But today is not a warmer weather day and the door to the tower looks firmly closed. I'm not sure I would have fancied experiencing the balcony outside the lantern room in today's inclemencies anyway. The waves whip a white foam around the sandstone base of the pier and the wind tries relentlessly to snatch away the now very crumpled map that I have clutched tightly in my hand.
Against the brooding sky, the lighthouse looks ripe for a haunting. And a haunting it does indeed have.
Of course, these days, lighthouses have electric lights and are often automated. But this lighthouse's ghost hails from the days that the life-saving signal needed to be lit and tended by hand.
And one day, as dusk was beginning to creep in and the pelting rain of an incoming storm already blurred the darkening skies, the West Lighthouse's keeper hurried towards the tower, knowing lives would depend on his signal that night. The tempest grew and he battled his way through rains sent horizontal by swelling winds and
By the time he reached the base of the lighthouse steps, his clothes were soaked and dripping as he toiled up those 81 steps with grim determination, leaving a watery trail behind him. He got the lamp lit, as his duty demanded, and started to head back down the steps to find a warm fire and dry clothes.
But, tired and distracted as he was, he didn't notice how slick the steps were from the rain he had shed all the way up them. and before he had time to realise the slippery danger, his feet went out from under him, and down he fell, finding his fateful end on the cold steps of the lighthouse's staircase.
It's claimed that witnesses have seen the apparition of the unfortunate lighthouse keeper hurrying towards the tower just as he did on that fateful stormy night. Some say they have seen him doggedly making his last journey up the steps to light the lamp, forever replaying his last crucial but deadly task.
This is the version of the story told in many guidebooks and town trails, but ask the local ghost tour guides who have been stomping these streets for years, or consult their books at least, and they tell a slightly different version.
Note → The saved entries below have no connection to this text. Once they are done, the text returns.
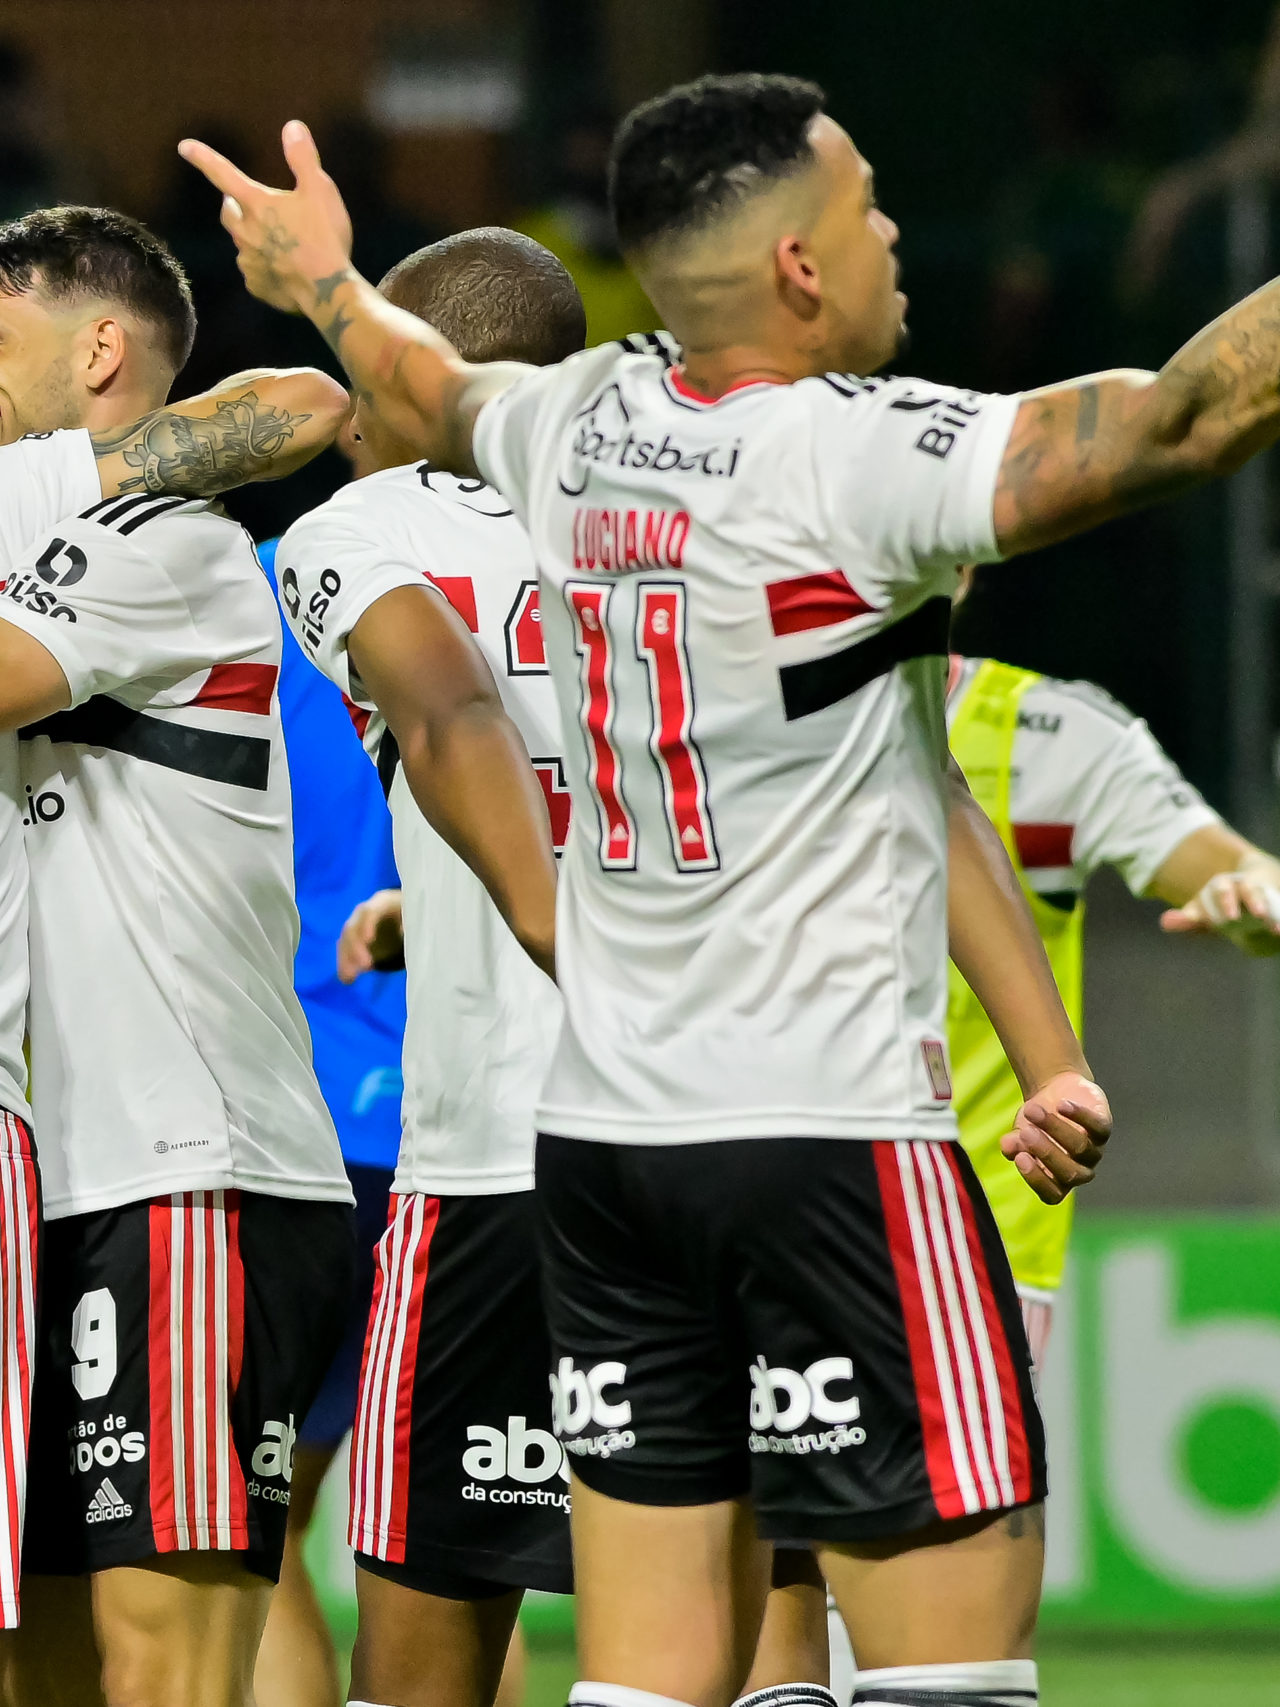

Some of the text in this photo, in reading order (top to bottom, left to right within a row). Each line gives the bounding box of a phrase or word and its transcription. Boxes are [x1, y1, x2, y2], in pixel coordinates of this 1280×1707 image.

[573, 508, 690, 570] LUCIANO
[303, 568, 341, 661] itso
[563, 580, 721, 873] 11
[71, 1287, 118, 1401] 9
[103, 1414, 127, 1433] de
[86, 1503, 133, 1524] adidas
[461, 1482, 486, 1501] da
According to Paul McDermott's The Whitby Ghost Book and James J. Brown's The Original Ghost Walk of Whitby, the real story came from a young girl who visited the lighthouse with her mother in the 1950s. The pair were climbing the long winding staircase when the girl stopped in her tracks at seeing the prostrate form of a severely ill or injured man lying across the stairs halfway up.
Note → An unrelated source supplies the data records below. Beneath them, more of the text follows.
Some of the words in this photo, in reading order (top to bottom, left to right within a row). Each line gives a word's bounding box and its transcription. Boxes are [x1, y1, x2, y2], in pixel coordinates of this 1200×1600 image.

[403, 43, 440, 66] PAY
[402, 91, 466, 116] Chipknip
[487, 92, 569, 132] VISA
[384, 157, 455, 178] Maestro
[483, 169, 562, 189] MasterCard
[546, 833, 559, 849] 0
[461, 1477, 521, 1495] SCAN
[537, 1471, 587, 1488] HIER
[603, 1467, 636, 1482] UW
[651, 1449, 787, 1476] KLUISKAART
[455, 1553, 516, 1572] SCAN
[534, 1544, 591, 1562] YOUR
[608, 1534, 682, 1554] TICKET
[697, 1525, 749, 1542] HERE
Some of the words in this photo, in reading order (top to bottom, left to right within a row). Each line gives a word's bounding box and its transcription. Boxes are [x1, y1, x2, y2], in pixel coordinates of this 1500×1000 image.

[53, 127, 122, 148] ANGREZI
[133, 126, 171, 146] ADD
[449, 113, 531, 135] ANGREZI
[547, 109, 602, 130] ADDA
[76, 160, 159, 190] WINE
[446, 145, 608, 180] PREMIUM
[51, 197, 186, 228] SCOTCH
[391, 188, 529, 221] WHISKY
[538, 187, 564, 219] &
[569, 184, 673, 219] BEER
He was wearing seaman's clothes and she could clearly see that he had only one arm. She was absolutely baffled when her mother simply urged her on up the stairs, expecting of course for her parent to rush to the man's aid, but she quickly realised that no one else but her could see him.
Paul McDermott writes that he came across this story when he read a letter published in the Whitby Gazette written by this very girl, only now an adult, describing her strange experience in the lighthouse.
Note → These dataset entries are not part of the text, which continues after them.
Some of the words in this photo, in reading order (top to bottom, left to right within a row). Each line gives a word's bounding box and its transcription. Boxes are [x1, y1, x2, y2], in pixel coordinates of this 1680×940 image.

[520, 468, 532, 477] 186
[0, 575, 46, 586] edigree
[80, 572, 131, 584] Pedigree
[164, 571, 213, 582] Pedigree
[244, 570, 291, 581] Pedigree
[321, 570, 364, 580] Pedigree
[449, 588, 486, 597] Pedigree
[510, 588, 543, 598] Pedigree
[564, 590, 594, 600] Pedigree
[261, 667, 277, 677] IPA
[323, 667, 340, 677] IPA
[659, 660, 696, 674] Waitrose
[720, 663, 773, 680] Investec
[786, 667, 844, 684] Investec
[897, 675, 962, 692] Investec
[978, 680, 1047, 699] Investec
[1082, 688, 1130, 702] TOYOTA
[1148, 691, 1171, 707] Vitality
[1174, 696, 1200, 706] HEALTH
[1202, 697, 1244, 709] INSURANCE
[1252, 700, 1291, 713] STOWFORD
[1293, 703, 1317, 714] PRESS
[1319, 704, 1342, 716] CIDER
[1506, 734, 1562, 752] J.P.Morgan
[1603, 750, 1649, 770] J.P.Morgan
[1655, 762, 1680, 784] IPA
He adds that he looked into this further and was actually able to discover there was in previous years a one-armed man who worked at the lighthouse and sadly suffered a heart attack and died right in the middle of the long staircase.
James J. Brown notes in his retelling that when the girl explained to her mother why she had stopped on the stairs and what she had seen, the mother realised straight away that what her daughter witnessed was not of the living, as she personally knew of the one-armed keeper, who had tragically died on those stairs some years before. Which version of this, if any, is true, we may never know.
But stories like this, more often than not, grow from a grain of truth. So if you're ever passing by Whitby's West Pier, when the skies are heavy with storm, keep an eye out for a dark huddled figure hurrying towards the lighthouse at the end of the pier, and maybe glance up at the white lantern room in case any shadowy figures are moving around up there.
But now we must leave the promenade and follow Mina past the bandstand and the fish market towards the Red Swing Bridge.
It's impossible to know just how long there has been a bridge on this spot at Whitby. The earliest written records date to the 14th century. But as these records mention trying to raise funds for bridge repairs, that could very well mean that by this time the existing structure was already quite old.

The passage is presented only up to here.